Top of EXCERPTED RECORDS

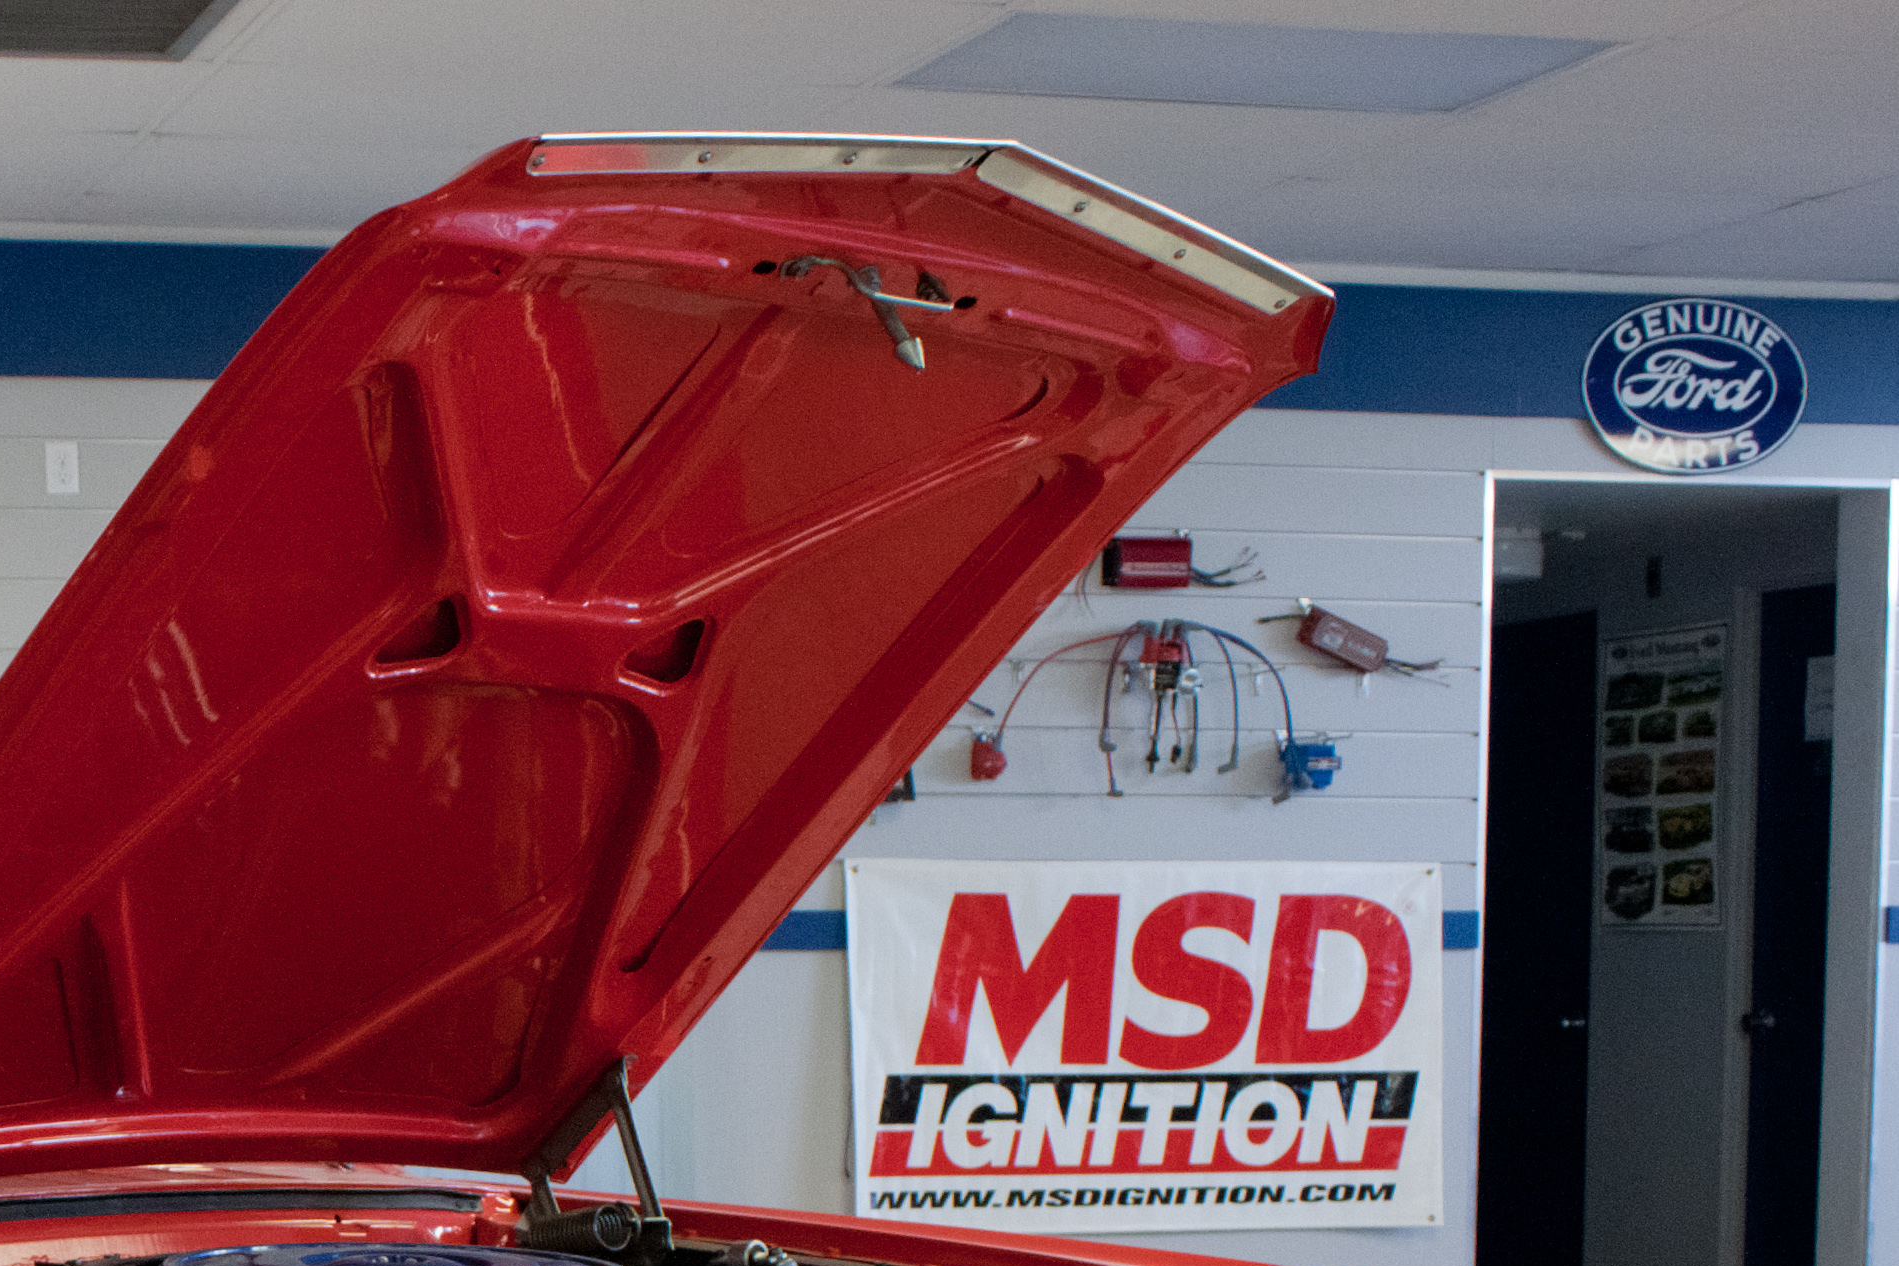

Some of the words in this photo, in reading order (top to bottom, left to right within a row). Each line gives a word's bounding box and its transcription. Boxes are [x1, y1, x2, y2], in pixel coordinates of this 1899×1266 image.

[1613, 304, 1781, 358] GENUINE
[1620, 349, 1765, 412] Ford
[1628, 425, 1760, 469] PARTS
[915, 891, 1412, 1071] MSD
[906, 1079, 1379, 1169] IGNITION
[869, 1183, 1397, 1210] WWW.MSDIGNITION.COM
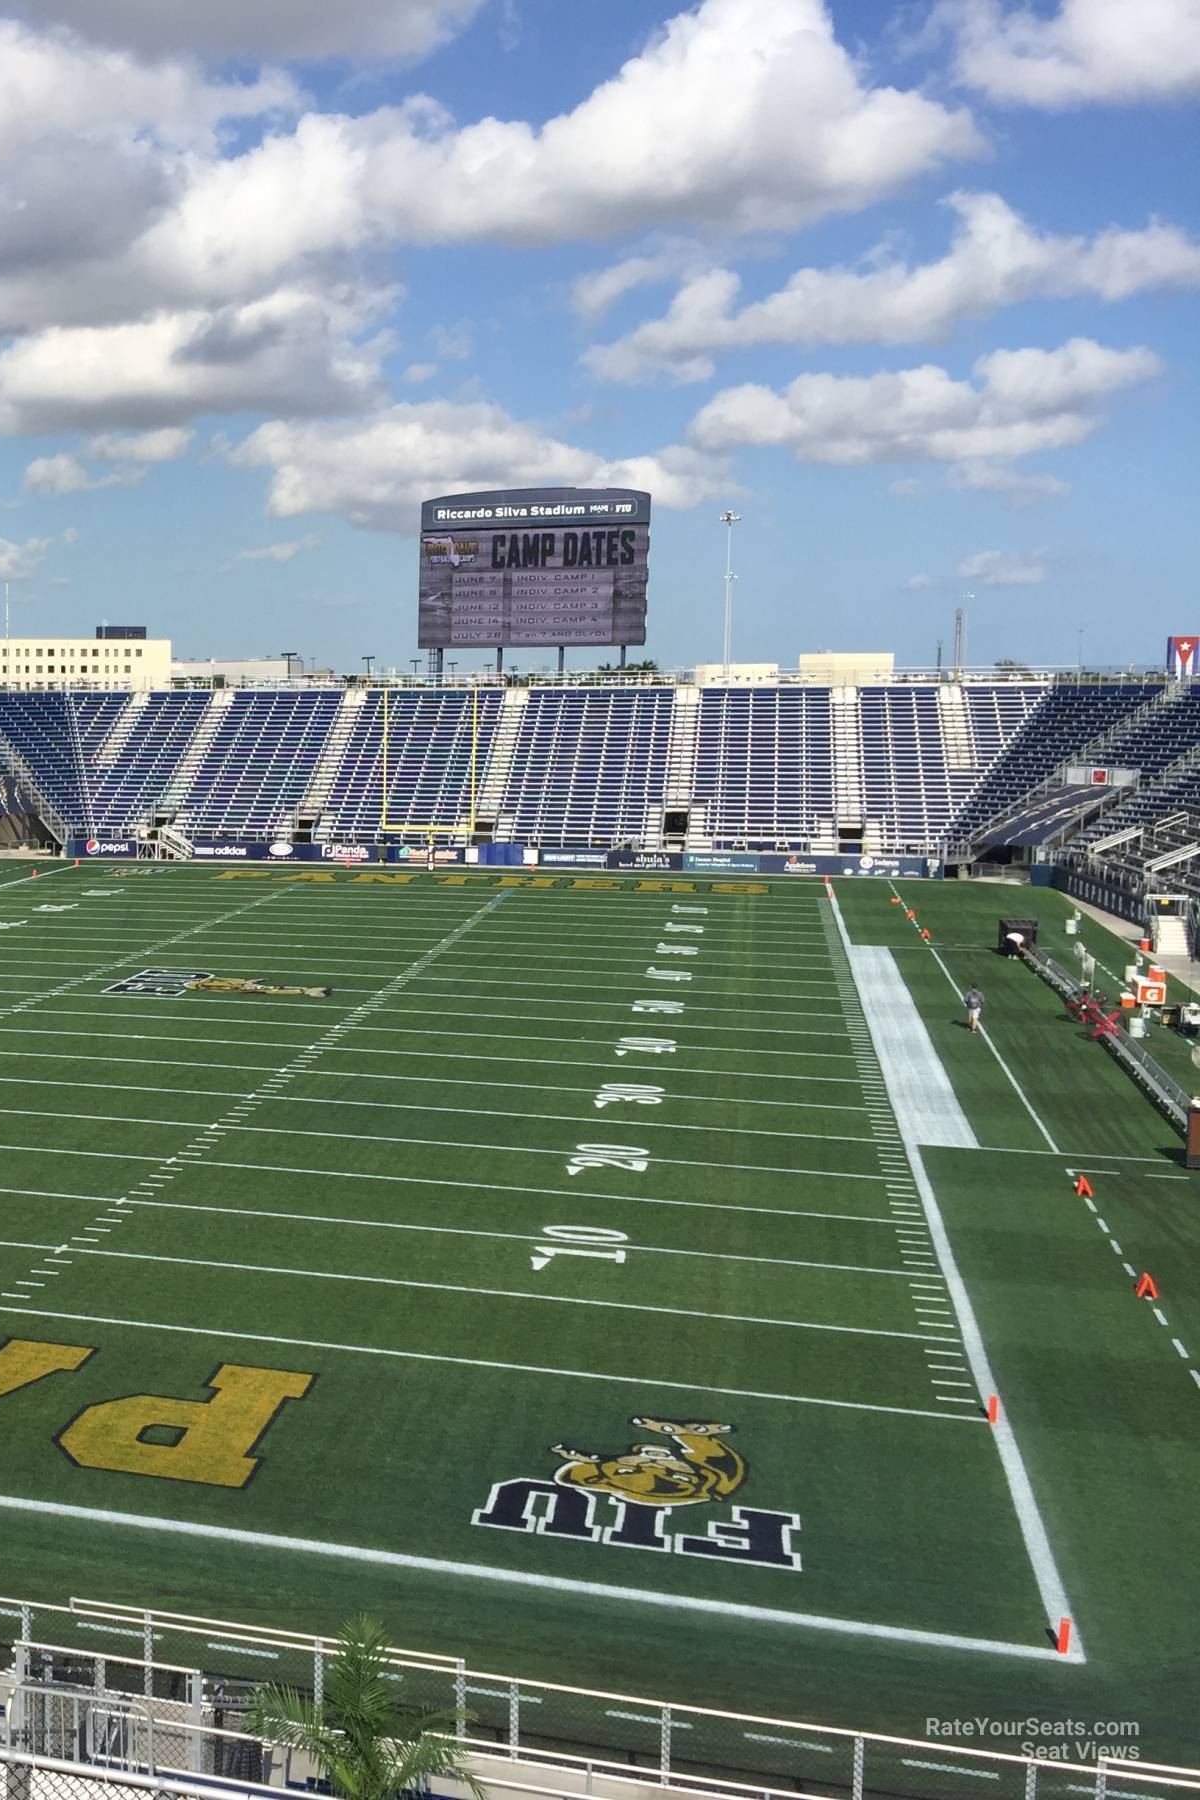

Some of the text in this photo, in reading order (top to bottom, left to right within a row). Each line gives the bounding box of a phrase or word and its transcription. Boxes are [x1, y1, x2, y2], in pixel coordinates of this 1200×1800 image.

[437, 504, 585, 520] Riccardo Silva Stadium
[615, 504, 632, 513] FIU
[491, 530, 636, 569] CAMP DATES
[554, 573, 588, 581] CAMP
[455, 589, 483, 597] JUNE
[553, 587, 588, 595] CAMP
[454, 603, 484, 611] JUNE
[553, 602, 587, 610] CAMP
[100, 842, 129, 854] pepsi
[214, 846, 247, 856] adidas
[335, 844, 366, 855] Panda
[635, 854, 670, 863] shula's
[208, 871, 770, 894] PANTHERS
[1146, 988, 1158, 1001] G
[595, 1083, 666, 1104] 30
[569, 1143, 650, 1172] 20
[534, 1225, 629, 1264] 10
[470, 1477, 802, 1572] FIU
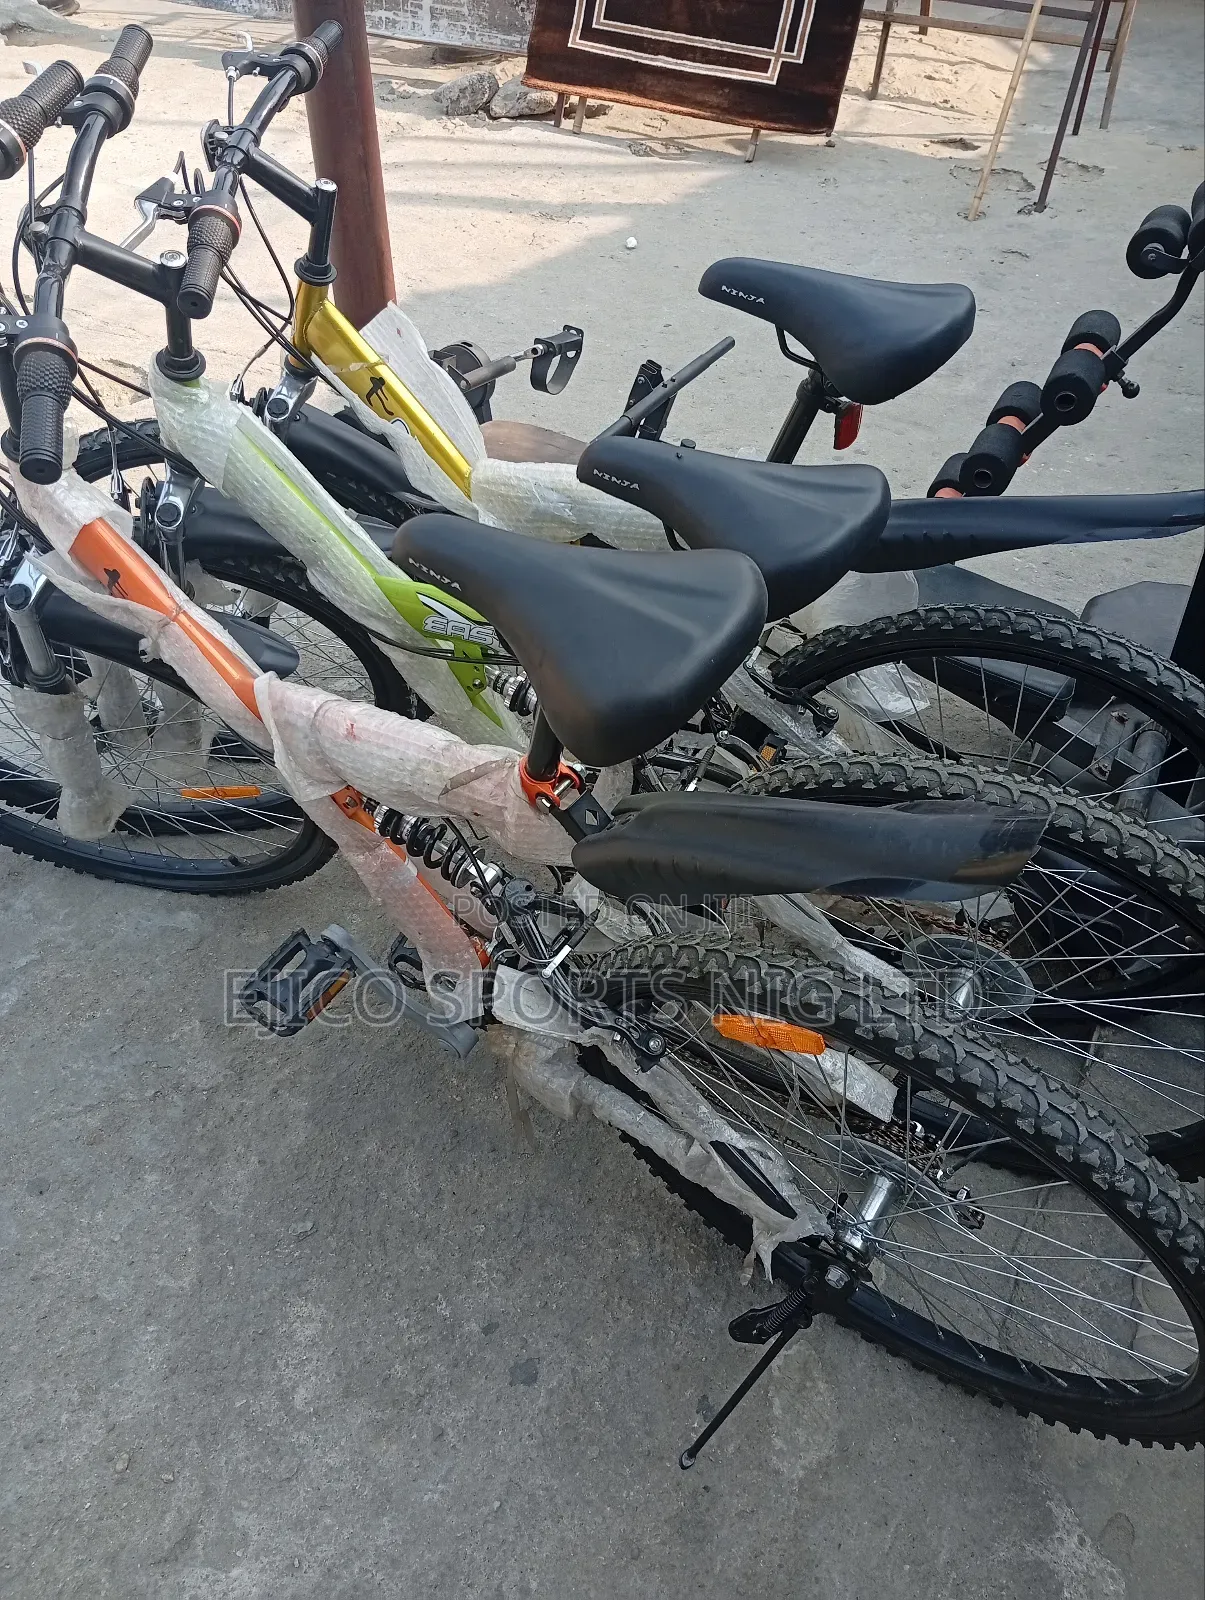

Bottom of EXCERPTED RECORDS

- PROBLEM DESCRIPTION -
Your task is to set down every entry exactly, leaving out any picture it contains.

- ANSWER SPACE -
Some of the words in this photo, in reading order (top to bottom, left to right within a row). Each line gives a word's bounding box and its transcription. Boxes are [x1, y1, x2, y2], in pixel coordinates of this 1899×1266 image.

[1613, 304, 1781, 358] GENUINE
[1620, 349, 1765, 412] Ford
[1628, 425, 1760, 469] PARTS
[915, 891, 1412, 1071] MSD
[906, 1079, 1379, 1169] IGNITION
[869, 1183, 1397, 1210] WWW.MSDIGNITION.COM

Some of the text in this photo, in reading order (top to bottom, left to right within a row). Each line gives the bounding box of a phrase or word and its transcription. Boxes are [x1, y1, x2, y2], in pixel coordinates of this 1200×1800 image.

[437, 504, 585, 520] Riccardo Silva Stadium
[615, 504, 632, 513] FIU
[491, 530, 636, 569] CAMP DATES
[554, 573, 588, 581] CAMP
[455, 589, 483, 597] JUNE
[553, 587, 588, 595] CAMP
[454, 603, 484, 611] JUNE
[553, 602, 587, 610] CAMP
[100, 842, 129, 854] pepsi
[214, 846, 247, 856] adidas
[335, 844, 366, 855] Panda
[635, 854, 670, 863] shula's
[208, 871, 770, 894] PANTHERS
[1146, 988, 1158, 1001] G
[595, 1083, 666, 1104] 30
[569, 1143, 650, 1172] 20
[534, 1225, 629, 1264] 10
[470, 1477, 802, 1572] FIU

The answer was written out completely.